Exercise material =>

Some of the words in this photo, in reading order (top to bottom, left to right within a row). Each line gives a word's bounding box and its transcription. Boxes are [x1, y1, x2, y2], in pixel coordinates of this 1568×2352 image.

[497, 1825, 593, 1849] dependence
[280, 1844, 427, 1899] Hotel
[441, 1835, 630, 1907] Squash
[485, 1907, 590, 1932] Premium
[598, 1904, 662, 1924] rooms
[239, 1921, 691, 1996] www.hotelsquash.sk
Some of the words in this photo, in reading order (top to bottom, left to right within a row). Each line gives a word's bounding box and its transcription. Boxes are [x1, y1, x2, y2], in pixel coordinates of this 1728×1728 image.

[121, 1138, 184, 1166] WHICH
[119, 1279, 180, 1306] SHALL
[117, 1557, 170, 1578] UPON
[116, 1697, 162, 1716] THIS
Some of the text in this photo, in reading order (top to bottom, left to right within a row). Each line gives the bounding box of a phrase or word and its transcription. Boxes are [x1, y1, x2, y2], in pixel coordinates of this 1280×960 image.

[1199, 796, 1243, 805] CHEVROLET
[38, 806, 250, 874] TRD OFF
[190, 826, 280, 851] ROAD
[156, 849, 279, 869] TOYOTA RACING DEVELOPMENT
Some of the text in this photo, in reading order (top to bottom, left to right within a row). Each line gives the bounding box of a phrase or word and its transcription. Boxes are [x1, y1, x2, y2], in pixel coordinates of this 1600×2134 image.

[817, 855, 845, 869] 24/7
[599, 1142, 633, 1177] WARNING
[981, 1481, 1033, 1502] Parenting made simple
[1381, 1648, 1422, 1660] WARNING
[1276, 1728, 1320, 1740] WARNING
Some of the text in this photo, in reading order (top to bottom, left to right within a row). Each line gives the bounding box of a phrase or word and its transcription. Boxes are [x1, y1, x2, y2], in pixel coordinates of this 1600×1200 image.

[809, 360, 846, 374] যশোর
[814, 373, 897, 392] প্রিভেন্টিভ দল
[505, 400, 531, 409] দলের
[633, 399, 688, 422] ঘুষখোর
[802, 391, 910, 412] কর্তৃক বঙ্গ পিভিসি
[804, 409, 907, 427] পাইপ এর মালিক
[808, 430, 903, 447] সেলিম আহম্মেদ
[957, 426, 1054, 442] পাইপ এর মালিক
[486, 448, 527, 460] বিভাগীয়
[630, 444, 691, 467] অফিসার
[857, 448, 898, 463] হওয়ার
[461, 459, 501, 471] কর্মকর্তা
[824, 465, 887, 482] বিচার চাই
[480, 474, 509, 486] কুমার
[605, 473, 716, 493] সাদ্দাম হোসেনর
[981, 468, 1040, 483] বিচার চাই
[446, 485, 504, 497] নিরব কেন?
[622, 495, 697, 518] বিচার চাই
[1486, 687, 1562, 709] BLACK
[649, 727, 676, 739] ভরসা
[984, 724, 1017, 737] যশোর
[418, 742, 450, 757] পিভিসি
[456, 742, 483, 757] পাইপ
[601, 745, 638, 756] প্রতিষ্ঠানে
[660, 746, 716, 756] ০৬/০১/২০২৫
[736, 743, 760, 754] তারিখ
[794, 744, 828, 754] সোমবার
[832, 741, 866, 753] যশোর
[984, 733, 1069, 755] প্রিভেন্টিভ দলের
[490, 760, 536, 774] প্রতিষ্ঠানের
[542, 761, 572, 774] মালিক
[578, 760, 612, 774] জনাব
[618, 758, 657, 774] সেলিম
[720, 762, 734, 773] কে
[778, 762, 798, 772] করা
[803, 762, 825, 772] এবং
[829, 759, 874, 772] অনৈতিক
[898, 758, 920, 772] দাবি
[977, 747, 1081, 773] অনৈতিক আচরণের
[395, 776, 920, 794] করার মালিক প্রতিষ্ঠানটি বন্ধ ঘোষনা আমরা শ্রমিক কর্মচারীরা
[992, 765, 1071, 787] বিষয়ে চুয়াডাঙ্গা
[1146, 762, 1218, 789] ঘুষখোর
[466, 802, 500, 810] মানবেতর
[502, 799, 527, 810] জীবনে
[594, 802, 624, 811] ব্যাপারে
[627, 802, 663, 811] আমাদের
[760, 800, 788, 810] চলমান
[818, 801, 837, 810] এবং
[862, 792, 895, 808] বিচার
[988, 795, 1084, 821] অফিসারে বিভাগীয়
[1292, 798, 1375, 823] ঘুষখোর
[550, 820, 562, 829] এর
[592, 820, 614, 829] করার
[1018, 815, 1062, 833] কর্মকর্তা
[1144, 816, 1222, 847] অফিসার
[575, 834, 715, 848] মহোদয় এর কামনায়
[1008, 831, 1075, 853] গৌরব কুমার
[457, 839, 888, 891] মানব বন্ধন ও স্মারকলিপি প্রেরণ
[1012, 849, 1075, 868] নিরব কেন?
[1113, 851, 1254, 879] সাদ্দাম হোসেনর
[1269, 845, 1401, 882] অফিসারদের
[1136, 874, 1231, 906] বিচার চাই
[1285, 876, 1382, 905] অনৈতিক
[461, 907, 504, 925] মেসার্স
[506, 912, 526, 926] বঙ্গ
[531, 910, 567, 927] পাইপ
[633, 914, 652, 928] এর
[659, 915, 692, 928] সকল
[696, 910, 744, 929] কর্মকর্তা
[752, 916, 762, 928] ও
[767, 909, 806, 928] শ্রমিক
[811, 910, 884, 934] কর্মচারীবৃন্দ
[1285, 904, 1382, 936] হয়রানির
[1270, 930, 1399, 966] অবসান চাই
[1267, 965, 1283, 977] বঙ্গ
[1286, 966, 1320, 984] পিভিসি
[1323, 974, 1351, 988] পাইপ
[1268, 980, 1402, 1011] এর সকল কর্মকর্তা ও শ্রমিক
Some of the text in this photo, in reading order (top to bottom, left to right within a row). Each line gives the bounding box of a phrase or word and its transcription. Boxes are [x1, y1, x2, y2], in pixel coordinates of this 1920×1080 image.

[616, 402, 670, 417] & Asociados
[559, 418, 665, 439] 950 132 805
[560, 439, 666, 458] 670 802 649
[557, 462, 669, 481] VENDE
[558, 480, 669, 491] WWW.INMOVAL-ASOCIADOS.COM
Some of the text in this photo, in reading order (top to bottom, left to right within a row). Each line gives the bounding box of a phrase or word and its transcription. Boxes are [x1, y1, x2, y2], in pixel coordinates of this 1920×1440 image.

Task to carry out => Go through the records and copy each one exactly.

Solution to this task =>
Some of the words in this photo, in reading order (top to bottom, left to right within a row). Each line gives a word's bounding box and its transcription. Boxes are [x1, y1, x2, y2], in pixel coordinates of this 1568×2352 image.

[497, 1825, 593, 1849] dependence
[280, 1844, 427, 1899] Hotel
[441, 1835, 630, 1907] Squash
[485, 1907, 590, 1932] Premium
[598, 1904, 662, 1924] rooms
[239, 1921, 691, 1996] www.hotelsquash.sk
Some of the words in this photo, in reading order (top to bottom, left to right within a row). Each line gives a word's bounding box and its transcription. Boxes are [x1, y1, x2, y2], in pixel coordinates of this 1728×1728 image.

[121, 1138, 184, 1166] WHICH
[119, 1279, 180, 1306] SHALL
[117, 1557, 170, 1578] UPON
[116, 1697, 162, 1716] THIS
Some of the text in this photo, in reading order (top to bottom, left to right within a row). Each line gives the bounding box of a phrase or word and its transcription. Boxes are [x1, y1, x2, y2], in pixel coordinates of this 1280×960 image.

[1199, 796, 1243, 805] CHEVROLET
[38, 806, 250, 874] TRD OFF
[190, 826, 280, 851] ROAD
[156, 849, 279, 869] TOYOTA RACING DEVELOPMENT
Some of the text in this photo, in reading order (top to bottom, left to right within a row). Each line gives the bounding box of a phrase or word and its transcription. Boxes are [x1, y1, x2, y2], in pixel coordinates of this 1600×2134 image.

[817, 855, 845, 869] 24/7
[599, 1142, 633, 1177] WARNING
[981, 1481, 1033, 1502] Parenting made simple
[1381, 1648, 1422, 1660] WARNING
[1276, 1728, 1320, 1740] WARNING
Some of the text in this photo, in reading order (top to bottom, left to right within a row). Each line gives the bounding box of a phrase or word and its transcription. Boxes are [x1, y1, x2, y2], in pixel coordinates of this 1600×1200 image.

[809, 360, 846, 374] যশোর
[814, 373, 897, 392] প্রিভেন্টিভ দল
[505, 400, 531, 409] দলের
[633, 399, 688, 422] ঘুষখোর
[802, 391, 910, 412] কর্তৃক বঙ্গ পিভিসি
[804, 409, 907, 427] পাইপ এর মালিক
[808, 430, 903, 447] সেলিম আহম্মেদ
[957, 426, 1054, 442] পাইপ এর মালিক
[486, 448, 527, 460] বিভাগীয়
[630, 444, 691, 467] অফিসার
[857, 448, 898, 463] হওয়ার
[461, 459, 501, 471] কর্মকর্তা
[824, 465, 887, 482] বিচার চাই
[480, 474, 509, 486] কুমার
[605, 473, 716, 493] সাদ্দাম হোসেনর
[981, 468, 1040, 483] বিচার চাই
[446, 485, 504, 497] নিরব কেন?
[622, 495, 697, 518] বিচার চাই
[1486, 687, 1562, 709] BLACK
[649, 727, 676, 739] ভরসা
[984, 724, 1017, 737] যশোর
[418, 742, 450, 757] পিভিসি
[456, 742, 483, 757] পাইপ
[601, 745, 638, 756] প্রতিষ্ঠানে
[660, 746, 716, 756] ০৬/০১/২০২৫
[736, 743, 760, 754] তারিখ
[794, 744, 828, 754] সোমবার
[832, 741, 866, 753] যশোর
[984, 733, 1069, 755] প্রিভেন্টিভ দলের
[490, 760, 536, 774] প্রতিষ্ঠানের
[542, 761, 572, 774] মালিক
[578, 760, 612, 774] জনাব
[618, 758, 657, 774] সেলিম
[720, 762, 734, 773] কে
[778, 762, 798, 772] করা
[803, 762, 825, 772] এবং
[829, 759, 874, 772] অনৈতিক
[898, 758, 920, 772] দাবি
[977, 747, 1081, 773] অনৈতিক আচরণের
[395, 776, 920, 794] করার মালিক প্রতিষ্ঠানটি বন্ধ ঘোষনা আমরা শ্রমিক কর্মচারীরা
[992, 765, 1071, 787] বিষয়ে চুয়াডাঙ্গা
[1146, 762, 1218, 789] ঘুষখোর
[466, 802, 500, 810] মানবেতর
[502, 799, 527, 810] জীবনে
[594, 802, 624, 811] ব্যাপারে
[627, 802, 663, 811] আমাদের
[760, 800, 788, 810] চলমান
[818, 801, 837, 810] এবং
[862, 792, 895, 808] বিচার
[988, 795, 1084, 821] অফিসারে বিভাগীয়
[1292, 798, 1375, 823] ঘুষখোর
[550, 820, 562, 829] এর
[592, 820, 614, 829] করার
[1018, 815, 1062, 833] কর্মকর্তা
[1144, 816, 1222, 847] অফিসার
[575, 834, 715, 848] মহোদয় এর কামনায়
[1008, 831, 1075, 853] গৌরব কুমার
[457, 839, 888, 891] মানব বন্ধন ও স্মারকলিপি প্রেরণ
[1012, 849, 1075, 868] নিরব কেন?
[1113, 851, 1254, 879] সাদ্দাম হোসেনর
[1269, 845, 1401, 882] অফিসারদের
[1136, 874, 1231, 906] বিচার চাই
[1285, 876, 1382, 905] অনৈতিক
[461, 907, 504, 925] মেসার্স
[506, 912, 526, 926] বঙ্গ
[531, 910, 567, 927] পাইপ
[633, 914, 652, 928] এর
[659, 915, 692, 928] সকল
[696, 910, 744, 929] কর্মকর্তা
[752, 916, 762, 928] ও
[767, 909, 806, 928] শ্রমিক
[811, 910, 884, 934] কর্মচারীবৃন্দ
[1285, 904, 1382, 936] হয়রানির
[1270, 930, 1399, 966] অবসান চাই
[1267, 965, 1283, 977] বঙ্গ
[1286, 966, 1320, 984] পিভিসি
[1323, 974, 1351, 988] পাইপ
[1268, 980, 1402, 1011] এর সকল কর্মকর্তা ও শ্রমিক
Some of the text in this photo, in reading order (top to bottom, left to right within a row). Each line gives the bounding box of a phrase or word and its transcription. Boxes are [x1, y1, x2, y2], in pixel coordinates of this 1920×1080 image.

[616, 402, 670, 417] & Asociados
[559, 418, 665, 439] 950 132 805
[560, 439, 666, 458] 670 802 649
[557, 462, 669, 481] VENDE
[558, 480, 669, 491] WWW.INMOVAL-ASOCIADOS.COM
Some of the text in this photo, in reading order (top to bottom, left to right within a row). Each line gives the bounding box of a phrase or word and its transcription. Boxes are [x1, y1, x2, y2], in pixel coordinates of this 1920×1440 image.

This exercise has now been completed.